Dottor Bartolo!
Dottor Bartolo!
et l'aparté du comte:
Ah! venisse il caro oggetto!
Ce souhait du jeune amant est d'une galanterie délicieuse. Rien de plus léger et de plus piquant que ce finale; il y a dans ce seul morceau les idées nécessaires pour faire tout un opéra de Feydeau. Peu à peu, et à mesure qu'on avance vers la catastrophe, ce finale prend une teinte de sérieux fort marquée; il y en a déjà beaucoup dans l'avertissement de Figaro au comte:
Signor, giudizio, per carità.
L'effet du chœur
est pittoresque et frappant. On trouve ici un grand moment de silence et de repos, dont l'oreille sent vivement le besoin, après le déluge de jolies petites notes qu'elle vient d'entendre.
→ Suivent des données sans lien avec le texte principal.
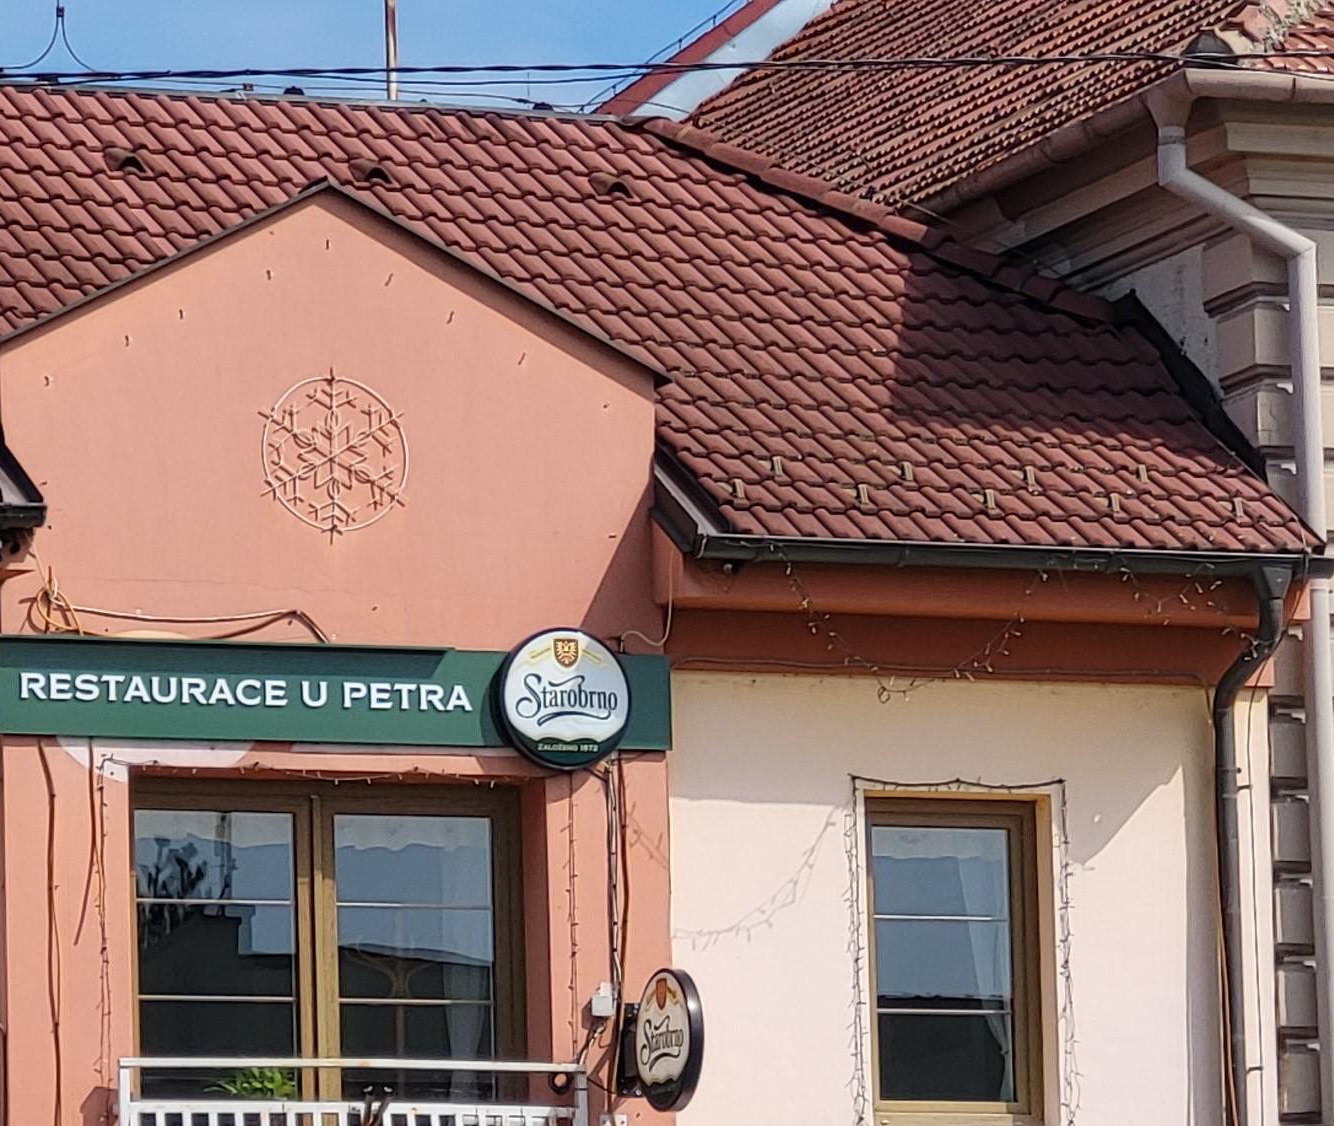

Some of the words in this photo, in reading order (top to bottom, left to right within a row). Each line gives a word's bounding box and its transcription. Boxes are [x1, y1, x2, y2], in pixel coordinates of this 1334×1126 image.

[20, 671, 288, 708] RESTAURACE
[301, 680, 329, 709] U
[342, 682, 473, 713] PETRA
[515, 672, 619, 721] Starobrno
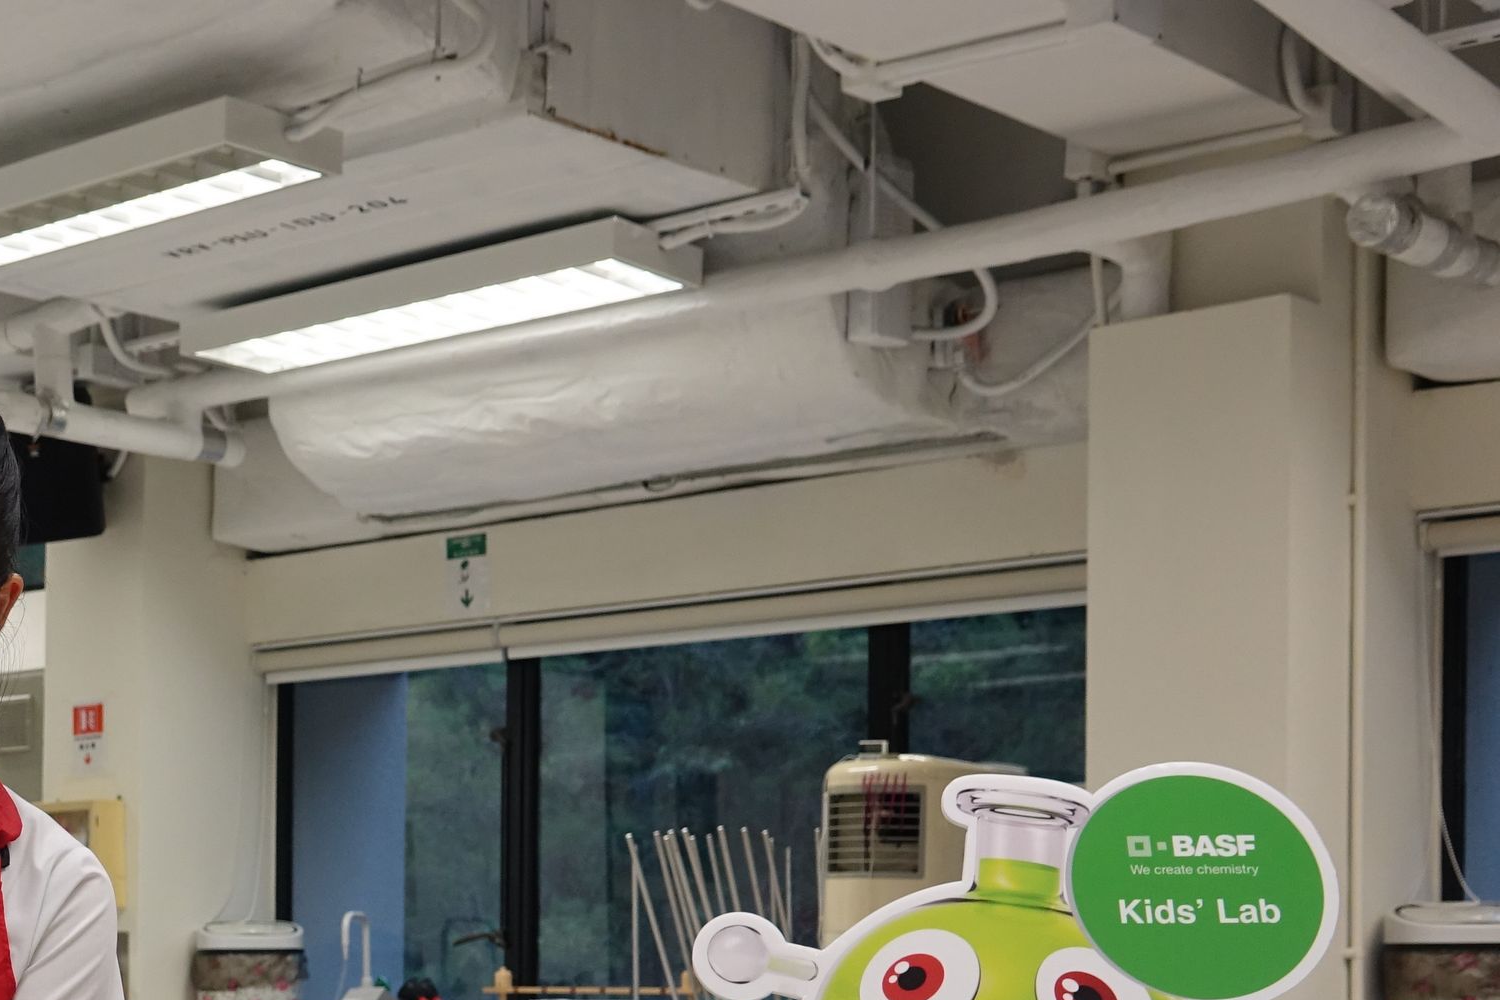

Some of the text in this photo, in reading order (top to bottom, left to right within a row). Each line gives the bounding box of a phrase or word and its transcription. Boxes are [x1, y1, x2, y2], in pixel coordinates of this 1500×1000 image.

[1172, 834, 1255, 857] BASF
[1130, 864, 1259, 876] We create chemistry
[1118, 898, 1281, 925] Kids' Lab
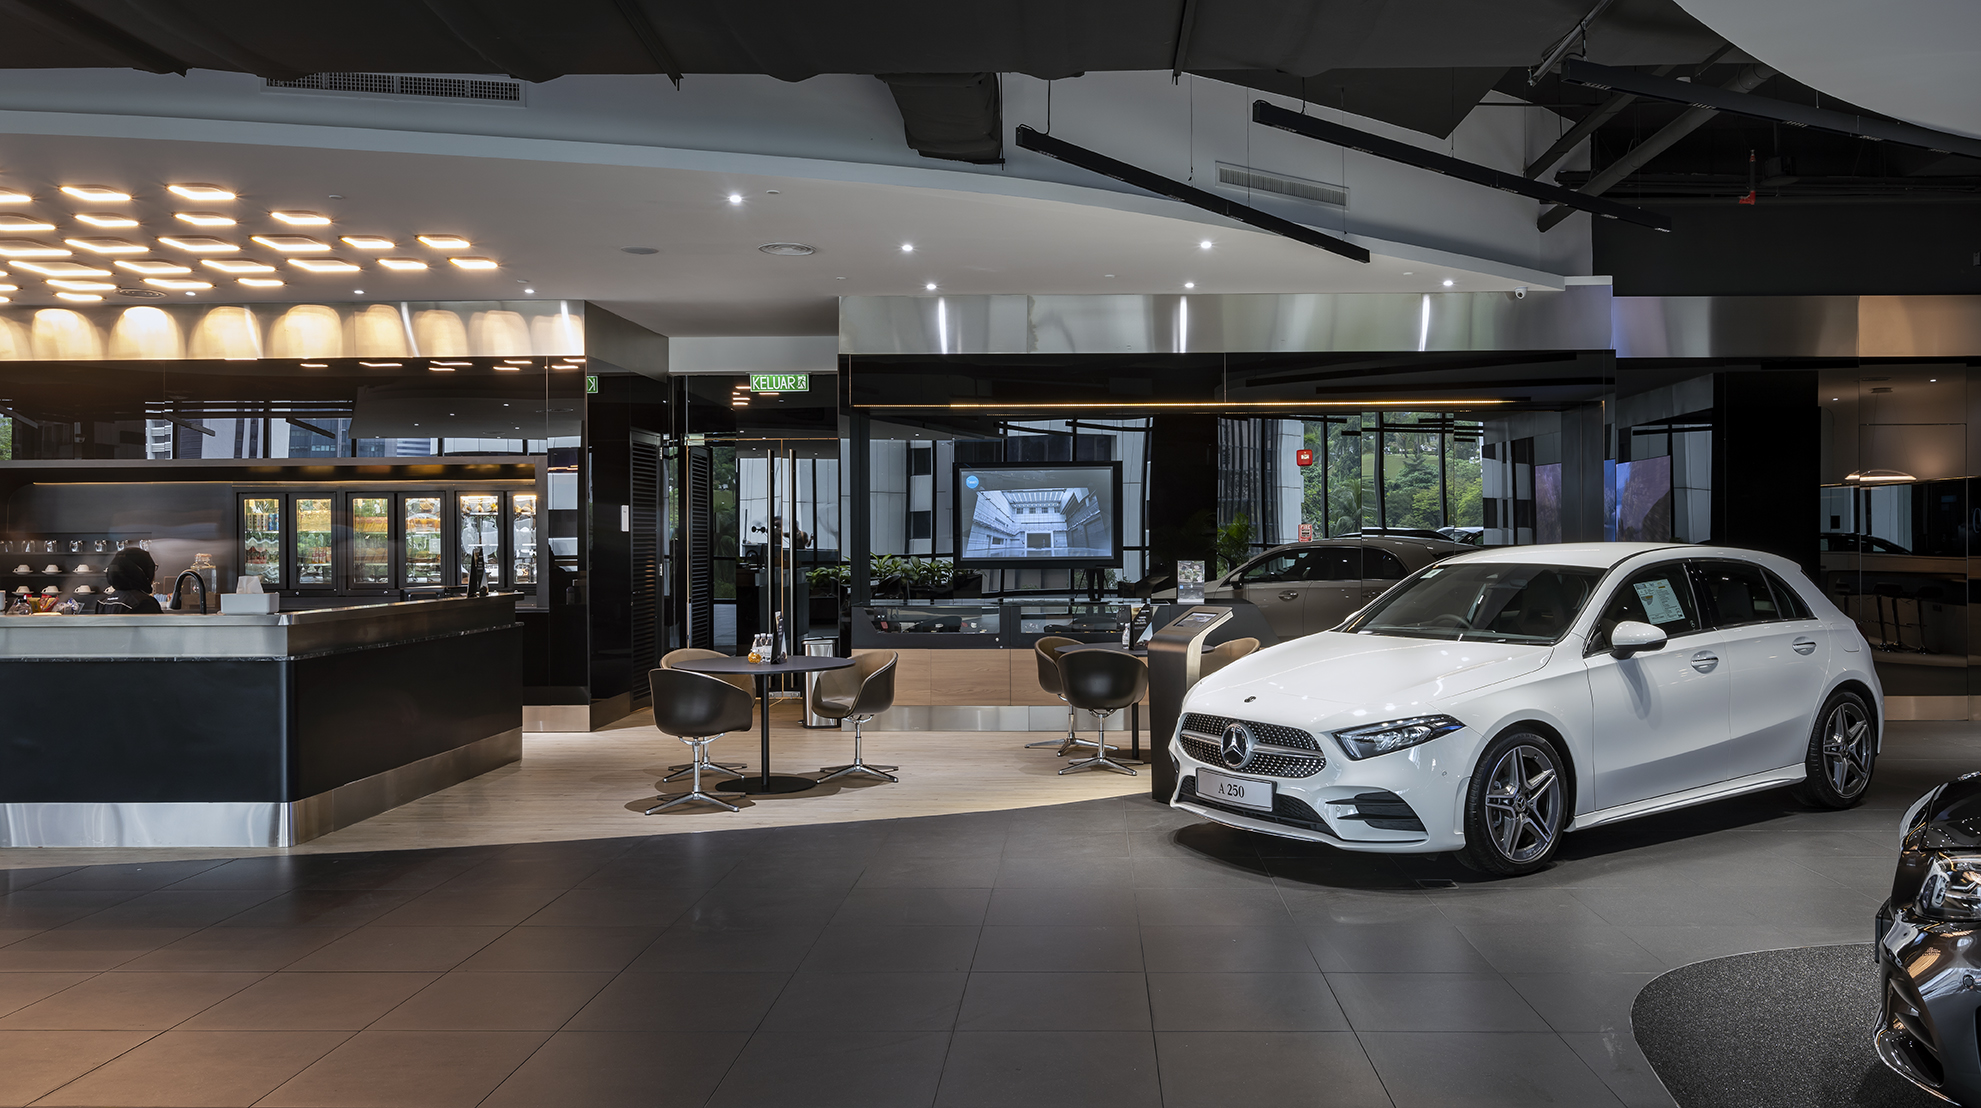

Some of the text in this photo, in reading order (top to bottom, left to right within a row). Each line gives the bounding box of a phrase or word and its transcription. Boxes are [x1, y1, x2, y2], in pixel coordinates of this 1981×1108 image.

[752, 376, 796, 390] KELUAR
[1218, 782, 1245, 798] A 250
Le chant à trois et ensuite à cinq, qui explique la raison du tapage au commandant de la gendarmerie de Séville, est le seul passage de cet opéra décidément mal exécuté à Paris. La coupe de ce morceau rappelle un peu l'explication donnée à Geronimo, à la fin du premier acte du Matrimonio segreto. C'est là la grande critique que l'on peut faire du Barbier de Rossini; le spectateur un peu instruit n'y trouve pas le sentiment du nouveau; on croit toujours entendre une nouvelle édition corrigée et plus piquante, de quelque partition de Cimarosa, qu'on a jadis admirée, et vous savez que rien ne coupe les ailes à l'imagination comme l'appel à la mémoire.
L'arrestation du comte, suivie de sa prompte mise en liberté, et du salut que la gendarmerie lui adresse, me rappelle la justice telle qu'elle s'exerçait à Palerme il y a peu d'années. Un Français, fort joli homme, point fat, et plus connu encore par son amabilité douce, que par sa parfaite bravoure, est insulté grossièrement au spectacle par un homme puissant; il l'en punit. On avertit le jeune Français de prendre garde à lui à la sortie du théâtre. En effet, le seigneur sicilien l'attaque. Le Français, fort adroit les armes à la main, le désarme sans le tuer, et, se croyant à Paris, appelle la garde. Cette garde avait été témoin de l'attaque, et s'empresse d'arrêter l'assassin; il se nomme avec hauteur, la garde s'éloigne en lui faisant mille excuses basses; s'il eût dit un mot de plus, elle arrêtait le Français. Il n'y a donc aucune invraisemblance à ce que nous voyons se passer dans le finale du Barbier; ce qui est invraisemblable, c'est l'immobilité dans laquelle tombe le tuteur, à la vue de la justice de son pays; il doit y être accoutumé de reste: les caractères secs et injustes tels que Bartholo, profitent de la tyrannie de leur pays, loin de la craindre; ces gens là mangent au budget.